If this at all sounds familiar, stop now. Stop immediately and listen. The slow burn is exactly this, it is how slowly we let our life take over until we are completely disconnected from our self and those we love the most. Read the above again, but this time as if your best friend wrote it and notice how it’s different. This is how the slow burn sneaks in and gets you. It’s tied to your ego mind. It wants you to feel separate and alone. There is a very interesting aspect about how we handle stress. When we experience times of high stress, in particular times of chronic stress, our stress receptors get set a little higher. This may seem at the time like a good thing because essentially our nervous system has adjusted to be able to do a little more with less. A little less sleep, maybe going a little longer without food, teaching that extra class that day etc.. Every time we go through this without the opportunity to completely reset as in a proper vacation (not one day off) our system then resets a little higher again. Doing even more with less. This pattern will continue because we are hard wired for survival. On a foundational level our body will do whatever it needs to survive until it can’t and then it will start to send you warning signals. A little more with less, a little more with less until we reach burnout: depression, headaches, lowered immunity or bigger – adrenal fatigue or even cancer.

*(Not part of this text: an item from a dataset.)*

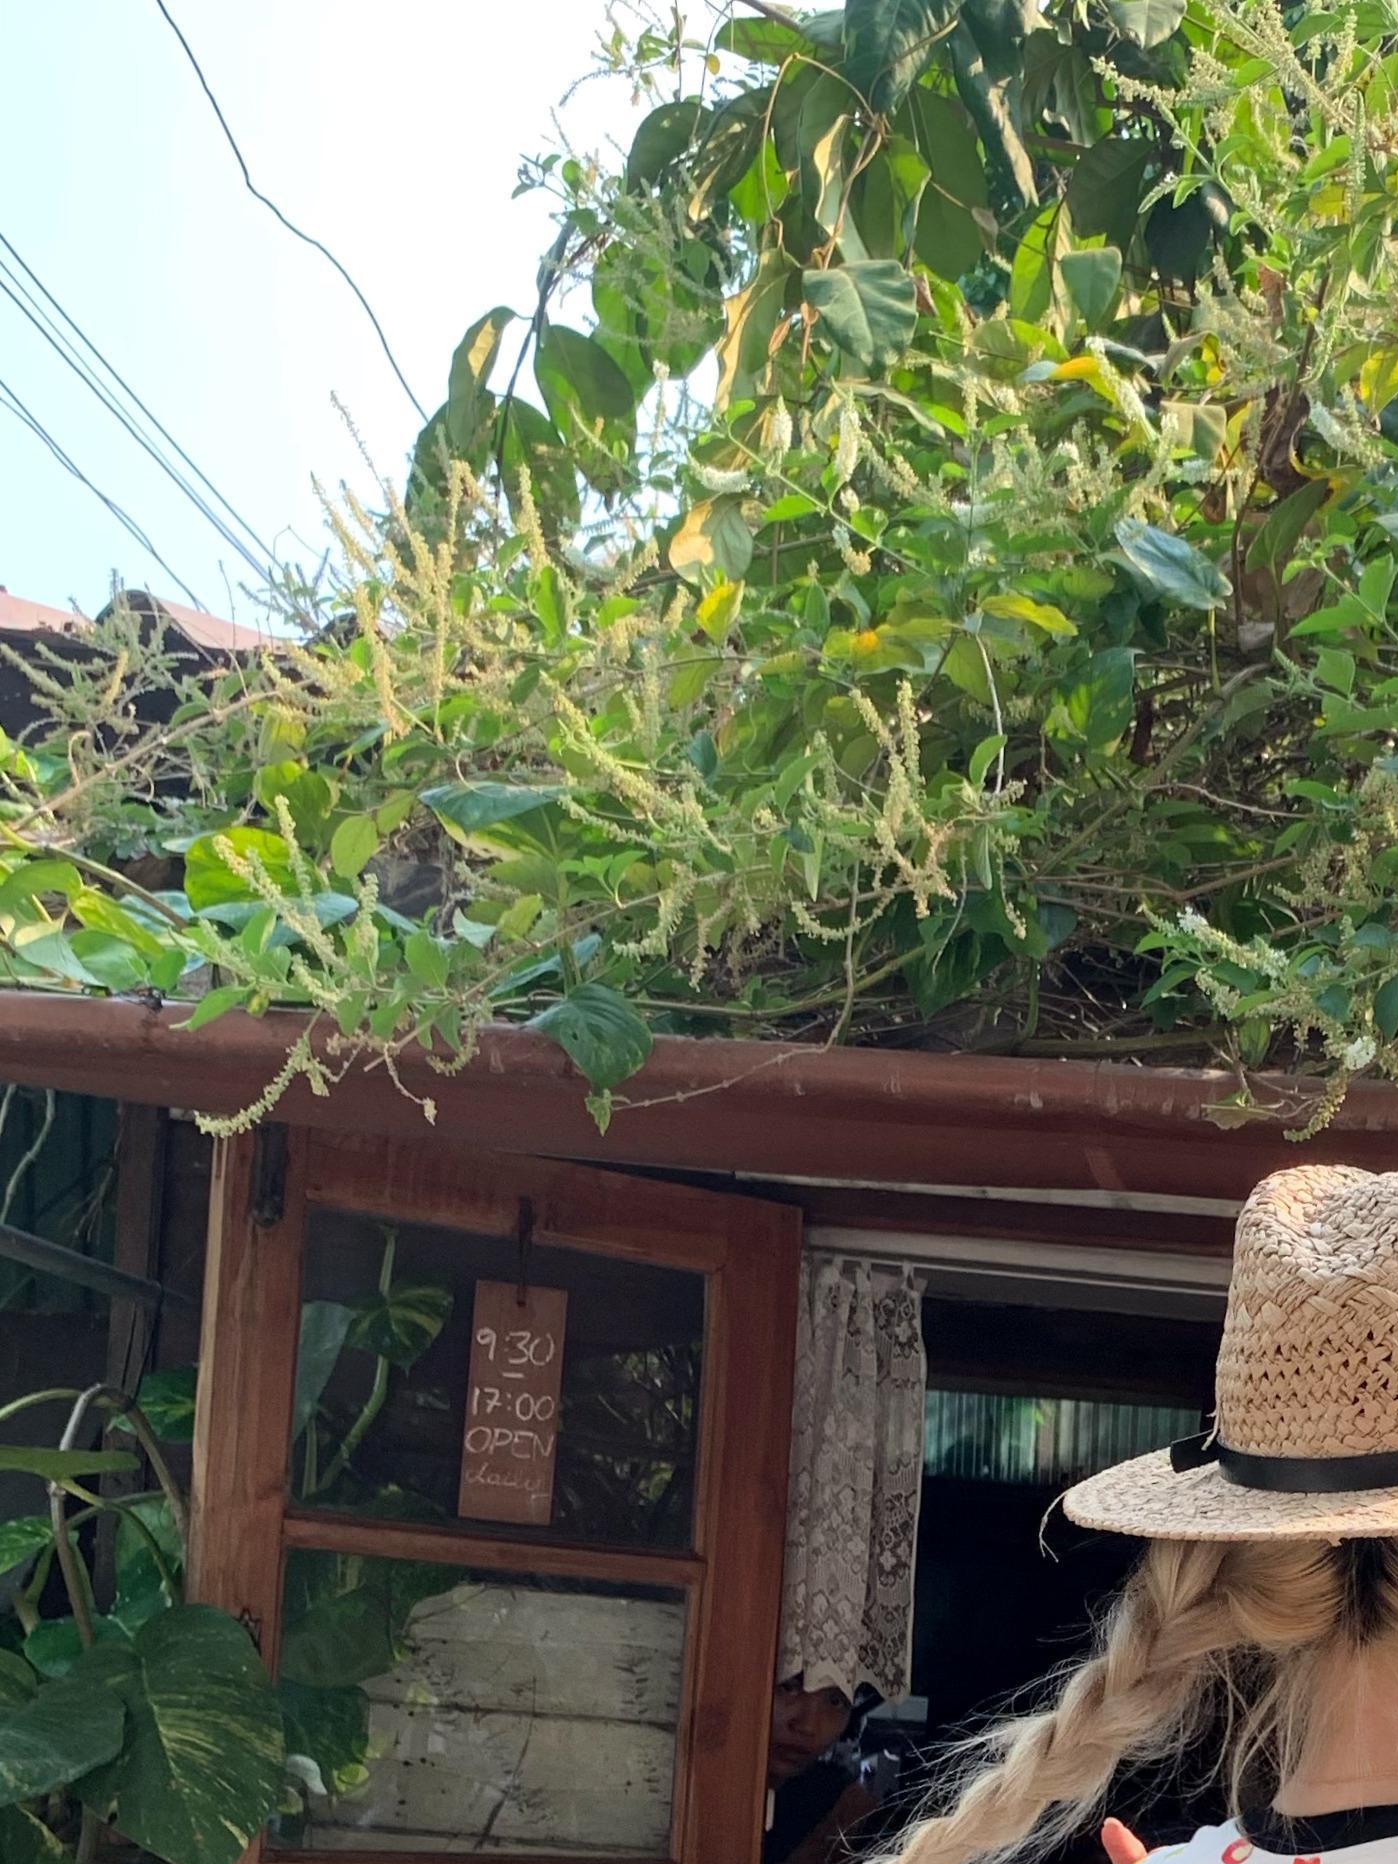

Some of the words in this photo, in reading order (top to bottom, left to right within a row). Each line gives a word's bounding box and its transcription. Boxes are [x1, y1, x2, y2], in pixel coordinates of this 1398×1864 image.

[477, 1327, 554, 1365] 9:30
[471, 1387, 554, 1420] 17:00
[464, 1427, 553, 1460] OPEN

But listen, how much power can the slow burn have when it is – SLOW. We can take our power back by simply pausing first and looking at the big picture before taking things on. By taking time to continuously re-evaluate our daily life, jobs and relationships to make sure they are best serving us. Yoga, meditation and journaling can all be extremely helpful here to help us see patterns. And you should compromise with those you love and do them favours, because they are doing the same with you too. And you should always spend time with the people you love no matter how tired you are, and there is never a reason to have an argument over who needs to clean the bathroom. Self-care is not selfish, and neither is taking a regular day off. For the sake of your health, mental wellness and happiness please pause and listen to what your body is trying to tell you.